Politicians and police agree the shows are dangerous and sometimes deadly, and they're adding new tools to the city's arsenal aimed at those who organize and participate in the illegal car shows.

City leaders in San Francisco say they've seen a disturbing increase in illegal car stunt shows known as sideshows. Politicians and police pointing to a deadly shooting at a side show earlier this month as an example of what can go wrong.

Now, they say they're cracking down with a one-two punch. First a new specialized unit in San Francisco's police Department. "This unit that we've trained up, we want them to specialize in being able to deal with these situations," said Chief Bill Scott from San Francisco Police Department.

The second part of cracking down, new legislation put forth by San Francisco Supervisor Ahsha Safaí on Tuesday, which would allow the city to impound the vehicles of those involved. "You have the penalty of being arrested and put in prison for up to six months we have the ability to impound your vehicle no less than two weeks. Second offense a little longer than that third offense just shy of 30 days," said Supervisor Safaí.

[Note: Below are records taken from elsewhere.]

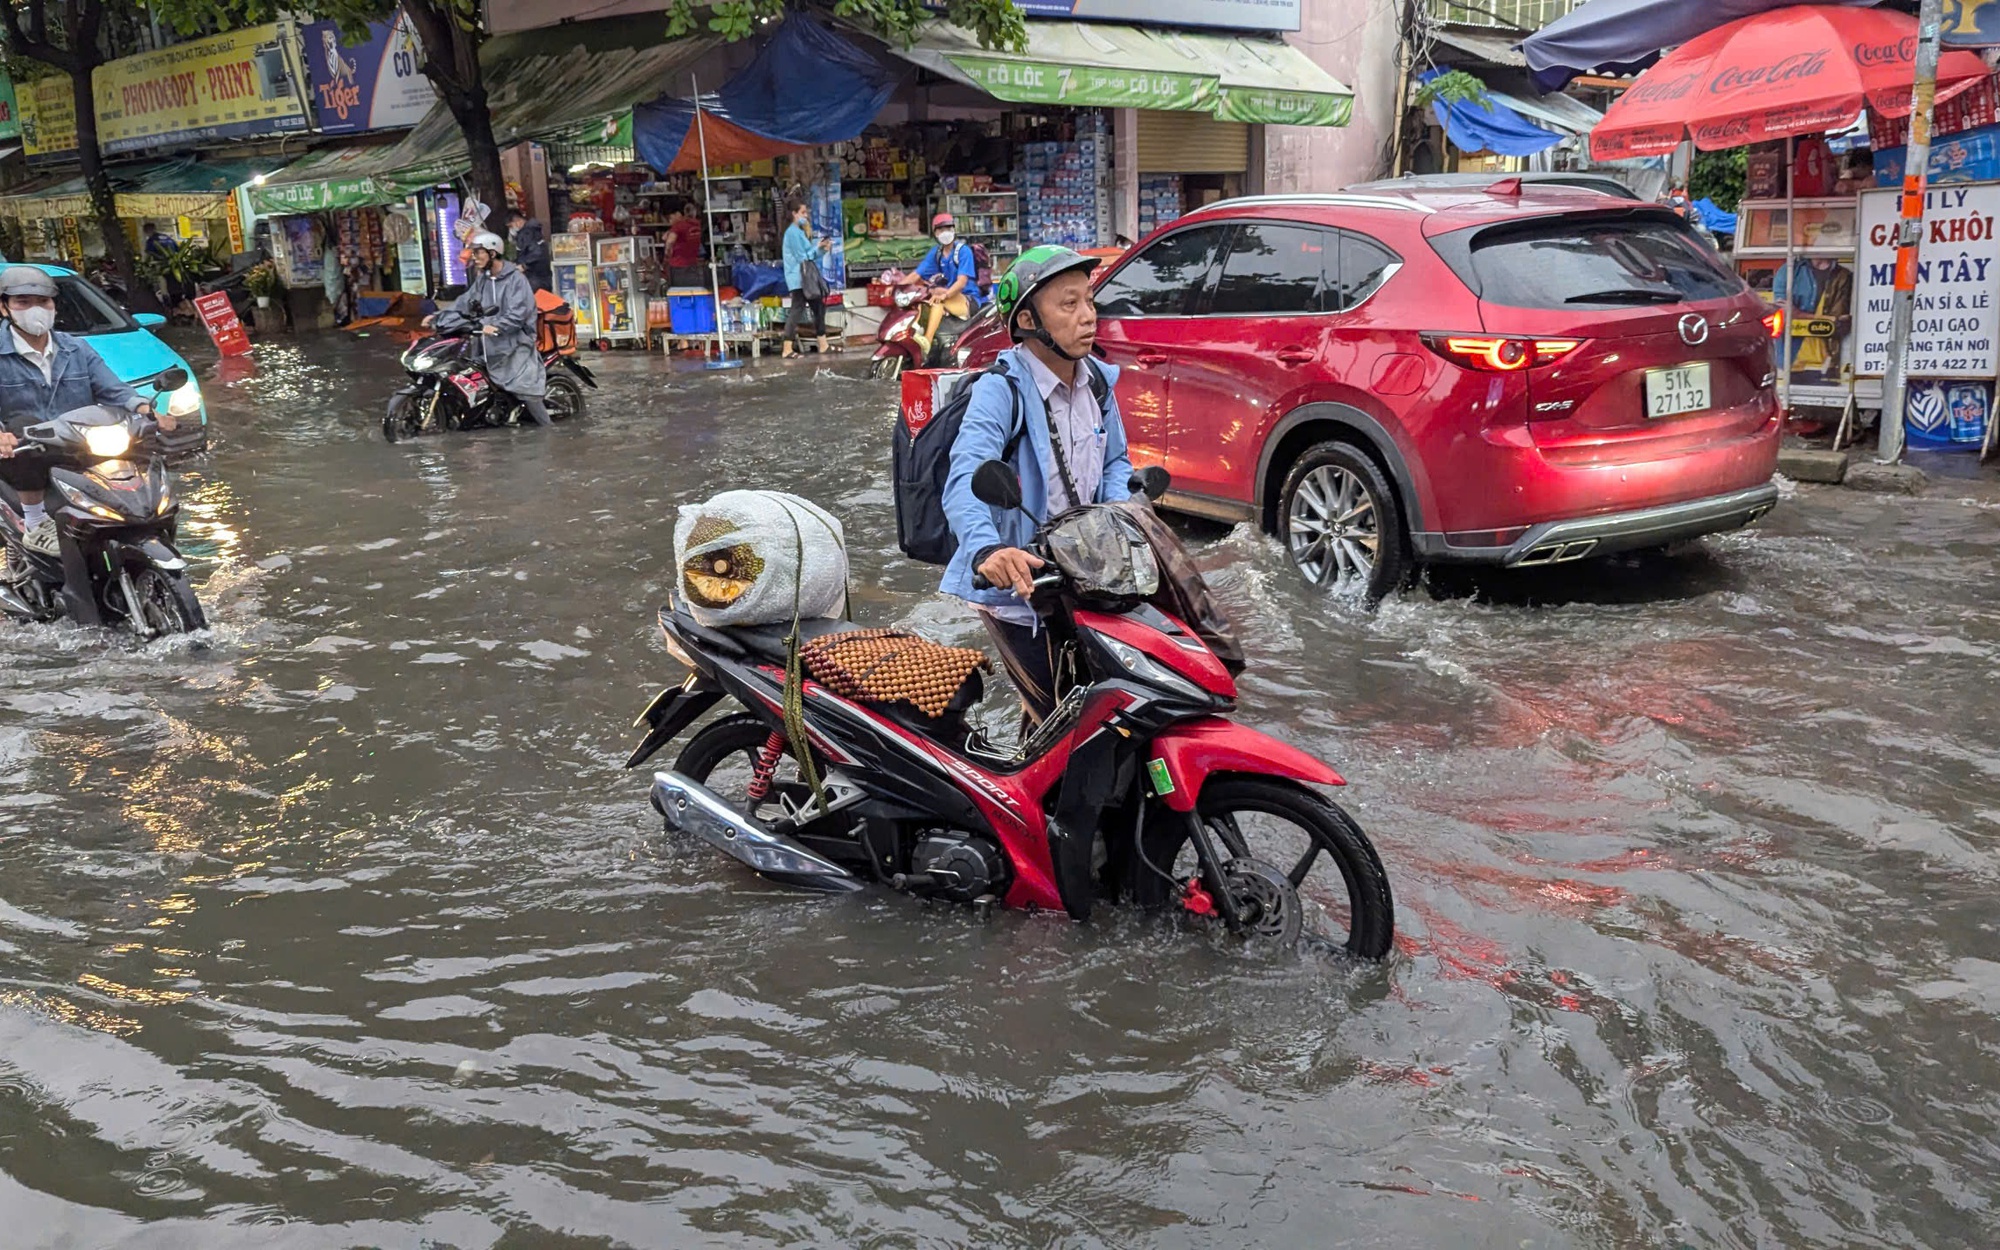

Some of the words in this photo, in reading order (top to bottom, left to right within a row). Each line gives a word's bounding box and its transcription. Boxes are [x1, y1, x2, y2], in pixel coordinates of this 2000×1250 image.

[1854, 36, 1916, 67] Coca-C
[988, 63, 1009, 85] CÔ
[1014, 66, 1045, 90] LỘC
[1130, 74, 1149, 93] CÔ
[1152, 76, 1179, 96] LỘC
[1709, 48, 1831, 94] Coca-Cola
[122, 71, 199, 117] PHOTOCOPY
[206, 60, 255, 102] PRINT
[319, 78, 360, 119] Tiger
[1941, 185, 1968, 209] LÝ
[1869, 221, 1923, 251] GẠ
[1929, 210, 1994, 244] KHÔI
[1938, 251, 1991, 283] TÂY
[1912, 293, 1934, 311] ÁN
[1955, 295, 1968, 309] &
[1972, 289, 1989, 309] LẺ
[1875, 318, 1893, 335] CÁ
[1947, 317, 1980, 336] GẠO
[1937, 337, 1963, 354] TẬN
[1967, 338, 1990, 351] NƠI
[1864, 361, 1885, 371] ĐT:
[1913, 359, 1938, 370] 374
[1942, 359, 1967, 370] 422
[1971, 358, 1988, 369] 71
[1665, 371, 1692, 391] 51K
[1655, 389, 1704, 413] 271.32
[951, 760, 1021, 807] SPORT
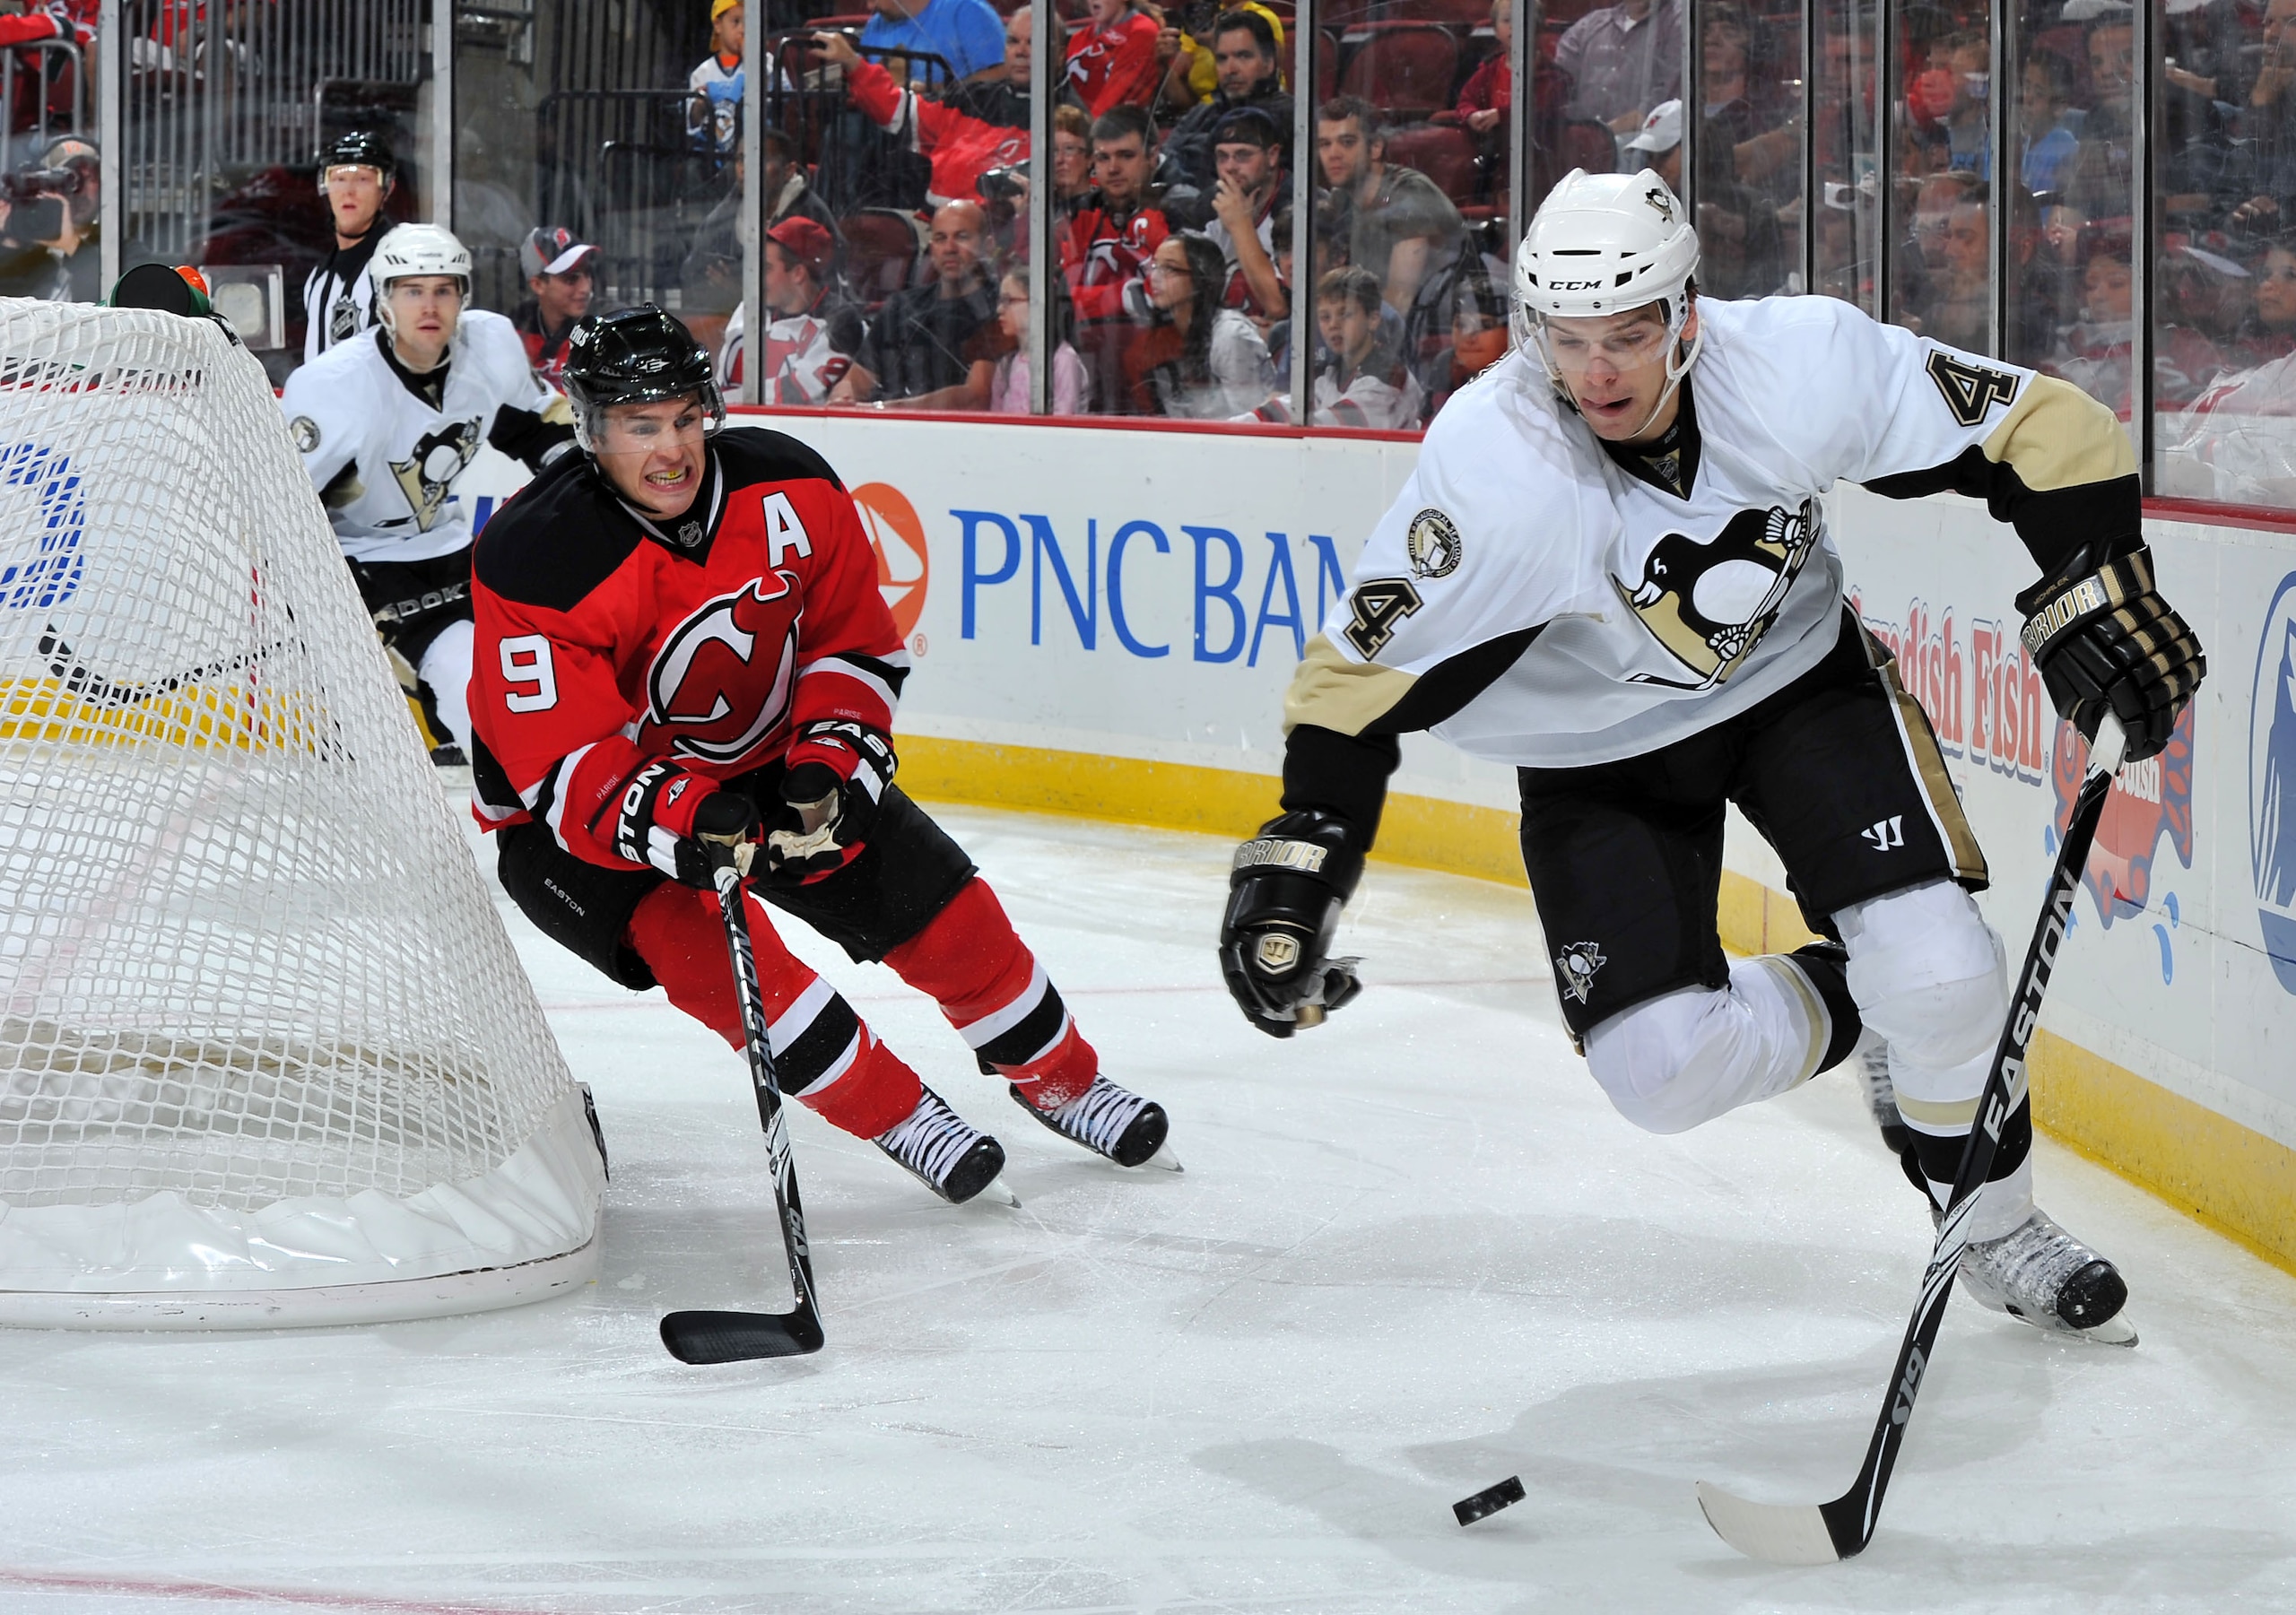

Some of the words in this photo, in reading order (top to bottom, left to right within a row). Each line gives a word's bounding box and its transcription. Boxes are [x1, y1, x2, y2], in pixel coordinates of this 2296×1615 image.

San Francisco's mayor sending a clear message to those looking to come to the city for sideshows, don't. "We don't always want to use this heavy hand of law enforcement to address issues," said Mayor London Breed. "But, in this particular case because of its danger you have left us with no choice. In San Francisco that will not be tolerated."

Police say impounding vehicles is something they can enforce without having to run it through the District Attorney's Office, and say they're going to work with other jurisdictions to track down sideshow participants no matter where they come from. "The question is, do we have the impound authority for the vehicle, and if it's used with this kind of reckless type of driving exhibition sometimes the vehicle itself can be seized as evidence," said Chief Scott. "So, we can work with other jurisdictions to make that happen."

City leaders stress that they will also be targeting those who block roads and act as look outs or blockers for sideshows, saying they are aiding and abetting the commission of a crime, their vehicles could be impounded as well.